It is such a non problem it forced them to hack a „fuck you this Python is owned by the distribution not you“ message into pip requiring you to agree to „breaking your system“ to use it.

Of all the languages, python in the base system has been an unmitigated garbage fire.

> it forced them to hack a

It was not their action, nor is it hacked, nor is the message contained within pip.

The system works by pip voluntarily recognizing a marker file, the meaning of which was defined by https://peps.python.org/pep-0668/ — which was the joint effort of people representing multiple Linux distros, pip, and Python itself. (Many other tools ignore the system Python environment entirely, as mine will by default.)

Further, none of this causes containers to be necessary for installing ordinary projects.

Further, it is not a problem unique to Python. The distro simply can't package all the Python software out there available for download; it's completely fair that people who use the Python-native packaging system should be expected not to interfere with a system package manager that doesn't understand that system. Especially when the distro wants to create its tools in Python.

You only notice it with Python because distros aren't coming with JavaScript, Ruby etc. pre-installed in order to support the system.

Well the essential system Python should be in /usr/sbin and read-only (insofar Python allows that with its __pycache__ spam).

The fact that users have to keep up with multiple PEPs, error messages, --single-version-externally-managed, --break-system-packages, config files everywhere, stealth packages in .local and uv to paper over all of this shows that Python packaging is completely broken.

> the essential system Python should be in /usr/sbin

There's still quite a bit you can do with the "system Python". Mine includes NumPy, bindings for GTK, QT5 and QT6, Freetype, PIL....

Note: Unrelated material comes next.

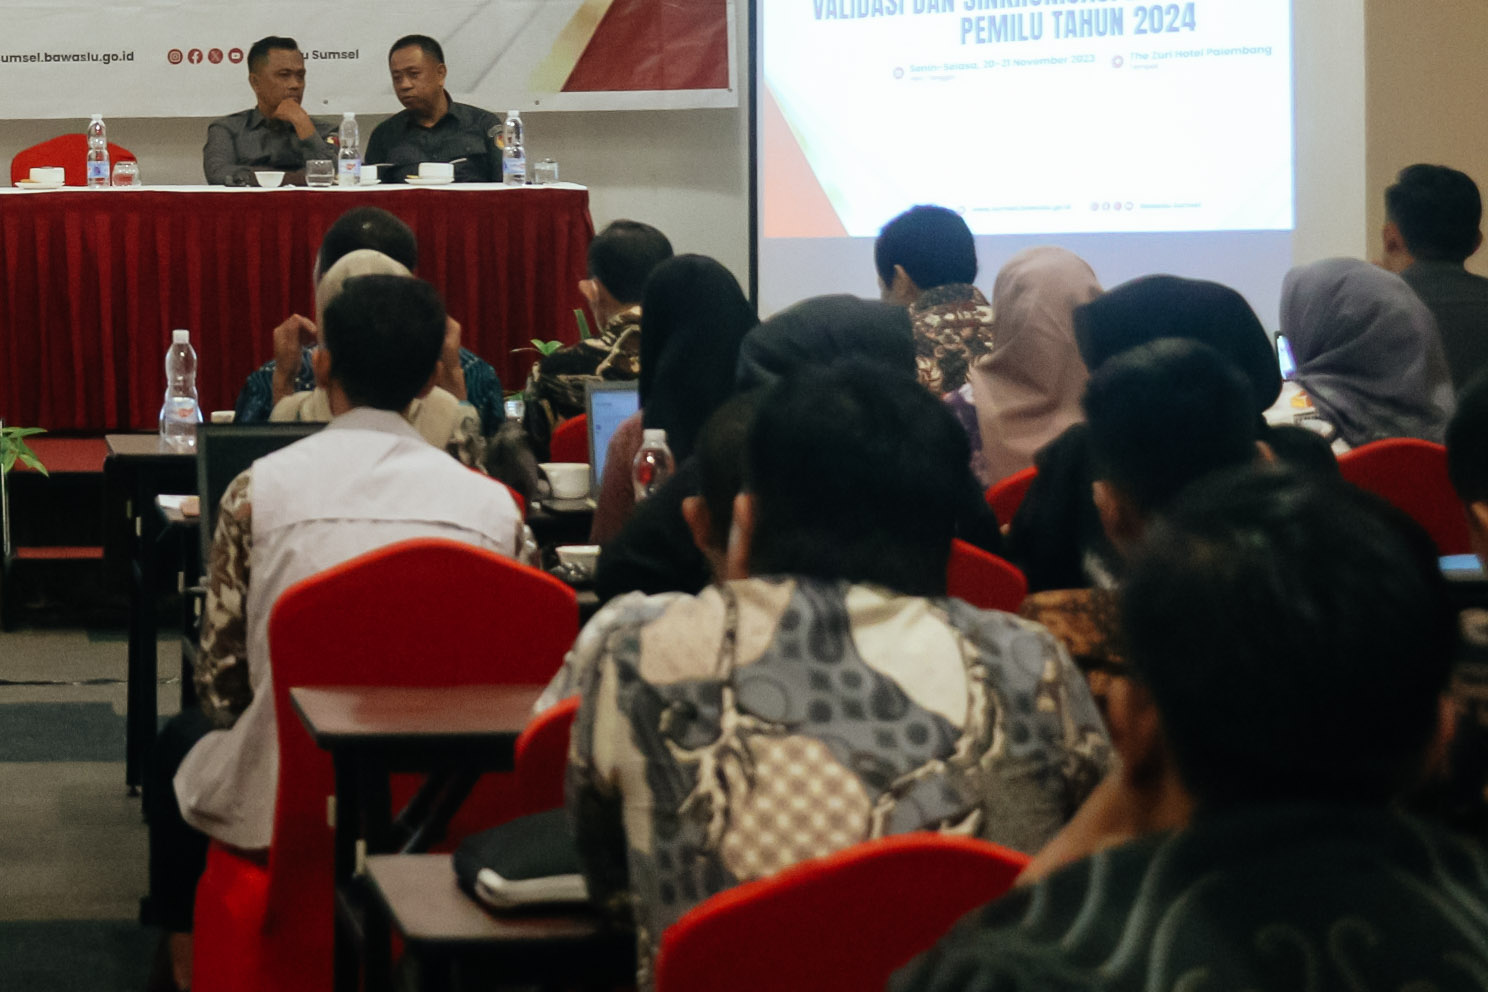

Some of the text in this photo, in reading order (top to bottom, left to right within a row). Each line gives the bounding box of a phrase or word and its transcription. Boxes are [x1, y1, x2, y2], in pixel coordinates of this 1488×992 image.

> insofar Python allows that with its __pycache__ spam

This is, to my understanding, precisely why the standard library is pre-compiled during installation (when the process already has sudo rights, and can therefore create the `__pycache__` folders in those locations). This leverages the standard library `compileall` module — from the Makefile:

   @ # Build PYC files for the 3 optimization levels (0, 1, 2)
   -PYTHONPATH=$(DESTDIR)$(LIBDEST) $(RUNSHARED) \
    $(PYTHON_FOR_BUILD) -Wi $(DESTDIR)$(LIBDEST)/compileall.py \
    -o 0 -o 1 -o 2 $(COMPILEALL_OPTS) -d $(LIBDEST) -f \
    -x 'bad_coding|badsyntax|site-packages' \
    $(DESTDIR)$(LIBDEST)
> The fact that users have to keep up with multiple PEPs, error messages, --single-version-externally-managed, --break-system-packages, config files everywhere, stealth packages in .local and uv to paper over all of this shows that Python packaging is completely broken.

Please do not spread FUD.

They don't have to do any of that. All they have to do is make a virtual environment, which can have any name, and the creation of which is explicitly supported by the standard library. Further, reading the PEPs is completely irrelevant to end users. They only describe the motivation for changes like --break-system-packages. Developers may care about PEPs, but they can get a better summary of the necessary information from https://packaging.python.org ; and none of the problems there have anything to do with Linux system Python environments. The config files that developers care about are at the project root.

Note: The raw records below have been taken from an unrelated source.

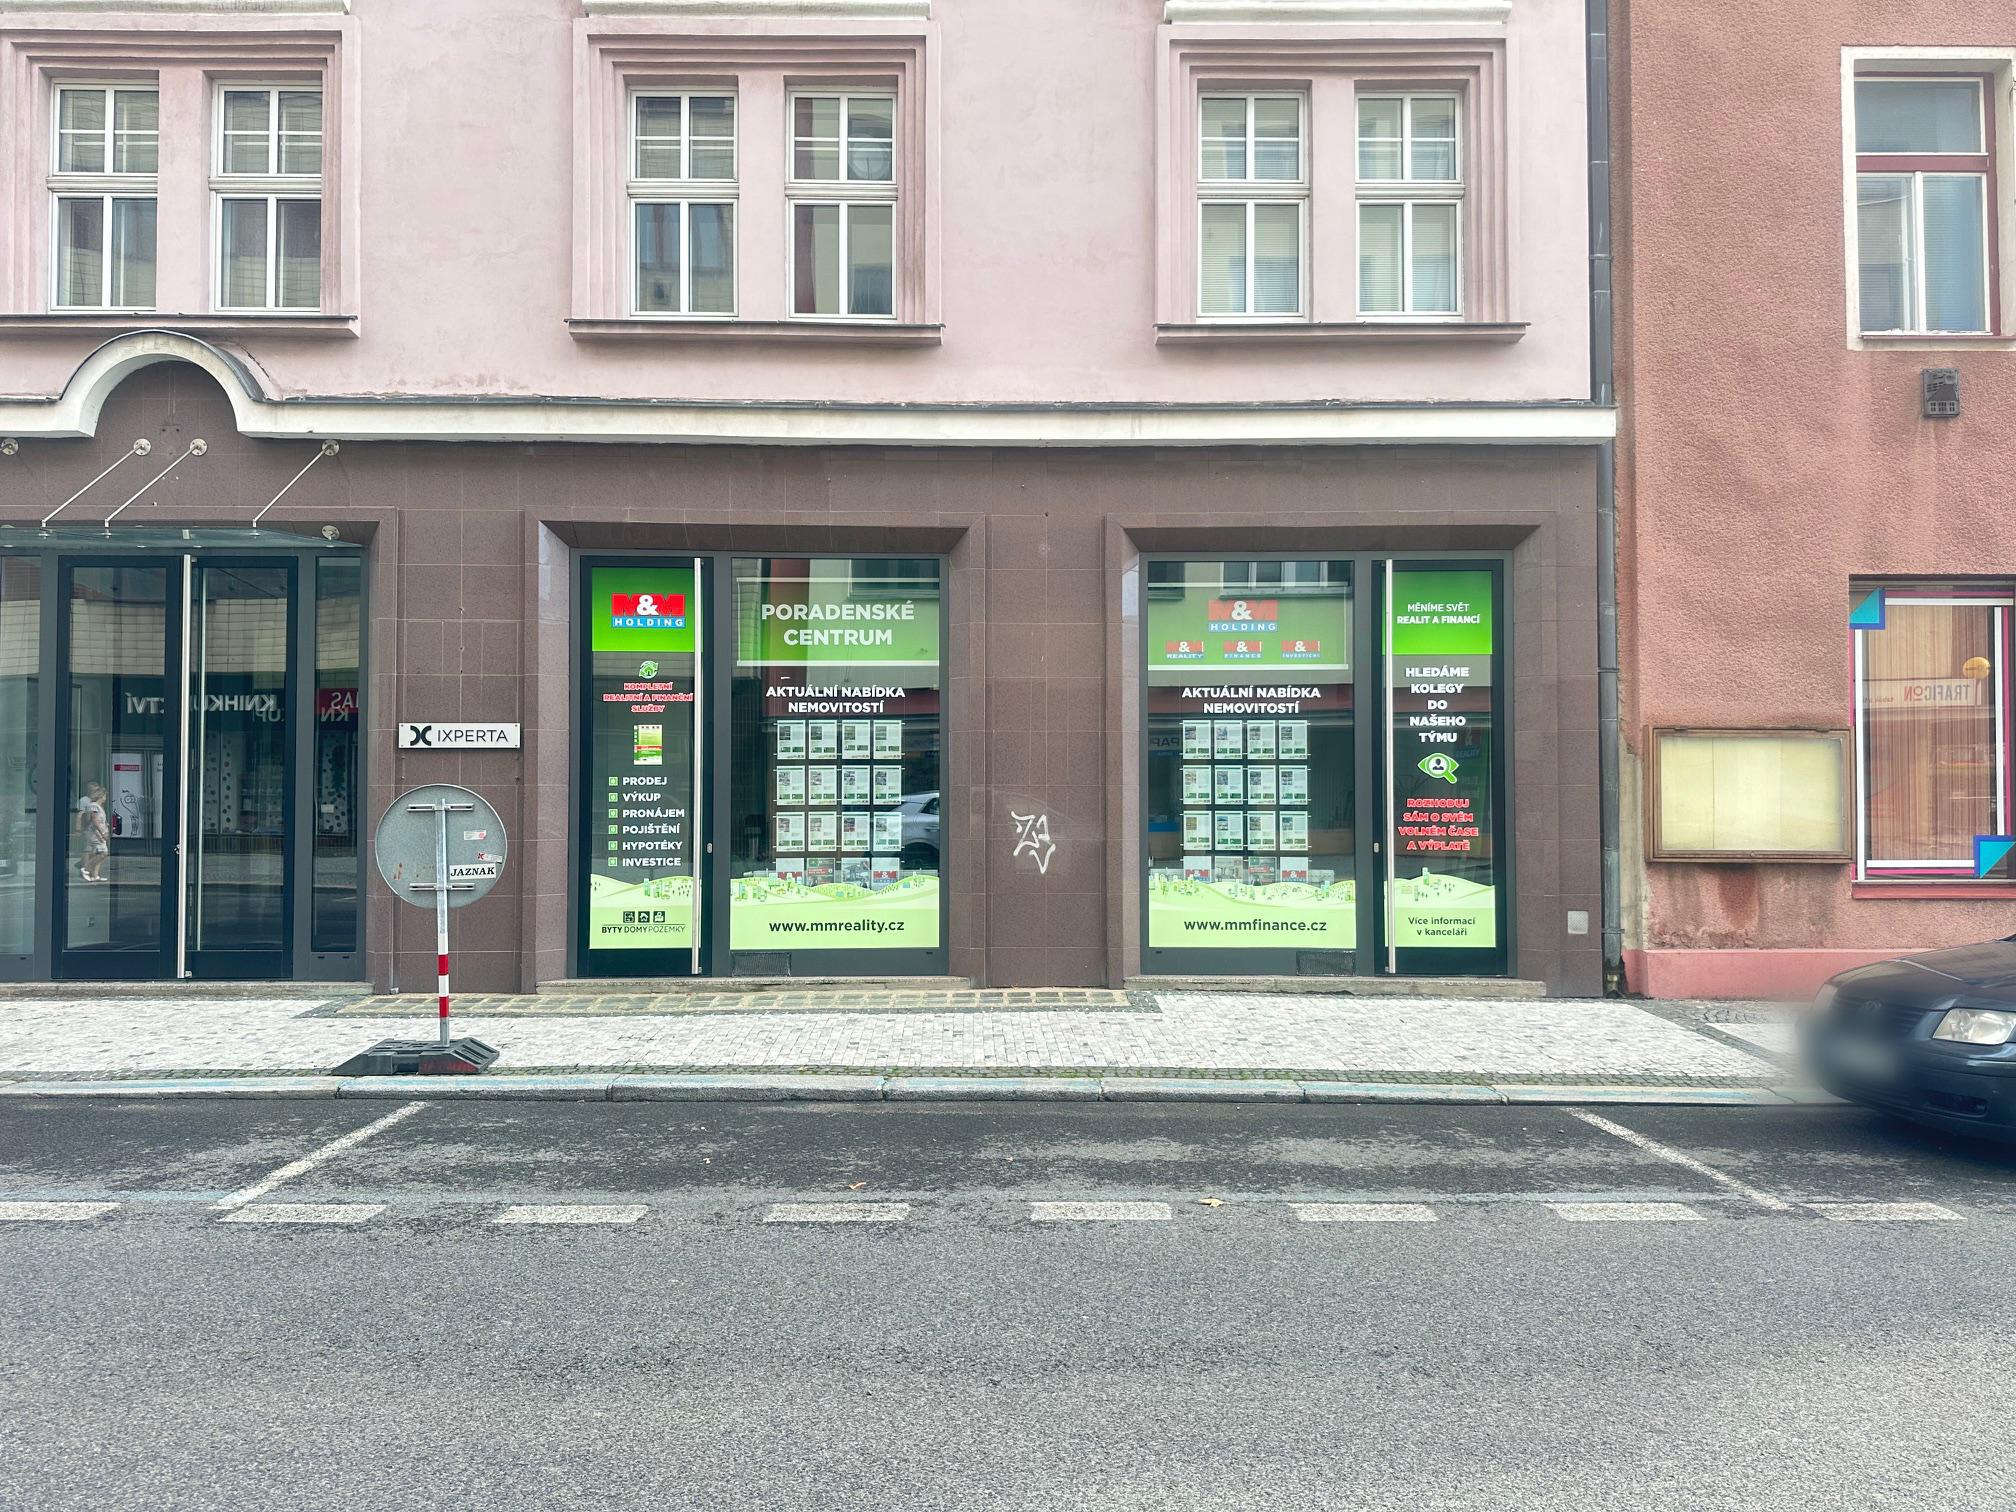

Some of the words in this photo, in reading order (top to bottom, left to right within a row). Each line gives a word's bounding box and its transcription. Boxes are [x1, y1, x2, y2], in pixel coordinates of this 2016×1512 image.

[761, 600, 915, 620] PORADENSKÉ
[1407, 602, 1443, 612] MĚNÍME
[1446, 602, 1470, 612] SVĚT
[614, 618, 684, 627] HOLDING
[1396, 615, 1429, 624] REALIT
[1432, 616, 1439, 624] A
[1441, 614, 1481, 624] FINANCÍ
[1210, 623, 1277, 631] HOLDING
[783, 629, 893, 646] CENTRUM
[1405, 665, 1470, 677] HLEDÁME
[623, 682, 673, 691] KOMPLETNÍ
[765, 684, 839, 697] AKTUÁLNÍ
[841, 684, 906, 697] NABÍDKA
[1181, 685, 1253, 698] AKTUÁLNÍ
[1256, 685, 1321, 698] NABÍDKA
[1410, 684, 1464, 694] KOLEGY
[602, 692, 643, 702] REALITNÍ
[644, 694, 650, 702] A
[651, 692, 694, 702] FINANČNÍ
[631, 703, 666, 713] SLUŽBY
[788, 700, 884, 713] NEMOVITOSTÍ
[1203, 701, 1300, 714] NEMOVITOSTÍ
[1427, 700, 1448, 710] DO
[1409, 714, 1466, 726] NAŠEHO
[437, 729, 508, 742] IXPERTA
[1418, 730, 1457, 743] TÝMU
[622, 776, 668, 786] PRODEJ
[622, 792, 662, 802] VÝKUP
[1406, 798, 1470, 808] ROZHODUJ
[622, 808, 685, 818] PRONÁJEM
[1402, 811, 1429, 822] SÁM
[1430, 813, 1440, 822] O
[1441, 811, 1474, 822] SVÉM
[622, 823, 681, 834] POJIŠTĚNÍ
[1397, 826, 1447, 836] VOLNÉM
[1448, 825, 1479, 836] ČASE
[622, 839, 683, 850] HYPOTÉKY
[1406, 841, 1416, 850] A
[1419, 839, 1470, 850] VÝPLATĚ
[622, 857, 682, 866] INVESTICE
[450, 867, 495, 877] JAZNAK
[1184, 919, 1327, 932] www.mmfinance.cz
[1408, 916, 1429, 925] Více
[1431, 916, 1476, 925] informací
[624, 925, 648, 933] DOMY
[648, 925, 686, 933] POZEMKY
[769, 919, 905, 933] www.mmreality.cz
[1425, 927, 1467, 936] kanceláři

Today, on any Debian system, you can install an up-to-date user-level copy of yt-dlp (for example) like so, among many other options:

  sudo apt install pipx
  pipx install yt-dlp
You only have to know how one of many options works, in order to get a working system.

> All they have to do is make a virtual environment

Okay so to create a five line script I have to make a virtual environment. Then I have to activate and deactivate it whenever using it. And I have to remember to update the dependenceis regularly. For my five line script.

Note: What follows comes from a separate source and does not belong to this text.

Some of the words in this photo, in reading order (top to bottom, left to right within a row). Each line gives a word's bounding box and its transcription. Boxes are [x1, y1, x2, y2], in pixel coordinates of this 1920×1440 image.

Seems to me the companies managing mloc-codebases pushed their tradeoffs on everyone else.

You, too: please do not spread FUD.

> Okay so to create a five line script... For my five line script.

I can guarantee that your "five line script" simply does not have the mess of dependencies you imagine it to have. I've had projects run thousands of lines using nothing but the standard library before.

> Then I have to activate and deactivate it whenever using it.

No, you do not. Activation scripts exist as an optional convenience because the original author of the third-party `virtualenv` liked that design. They just manipulate some environment variables, and normally the only relevant one is PATH. Which is to say, "activation" works by putting the environment's path to binaries at the front of the list. You can equally well just give the path to them explicitly. Or symlink them from somewhere more convenient for you (like pipx already does for you automatically).

> And I have to remember to update the dependenceis regularly.

No, you do not in general. No more so than for any other software.

Programs do not stop working because of the time elapsed since they were written. They stop working because the world around them changes. For many projects this is not a real concern. (Did you know there is tons of software out there that doesn't require an Internet connection to run? So it is automatically invulnerable to web sites changing their APIs, for example.) You don't have to remember to keep on top of that; when it stops working, you check if an update resolves the problem.

If your concern is with getting security updates (for free, applying to libraries you also got for free, all purely on the basis of the good will of others) for your dependencies, that is ultimately a consequence of your choice to have those dependencies. That's the same in every language that offers a "package ecosystem".

This also, er, has nothing to do with virtual environments.

> Seems to me the companies managing mloc-codebases pushed their tradeoffs on everyone else.

Not at all. They are the ones running into the biggest problems. They are the ones who have created, or leveraged, massive automation systems for containers, virtualization etc. — and probably some of it is grossly unnecessary, but they aren't putting in the time to think about the problem clearly.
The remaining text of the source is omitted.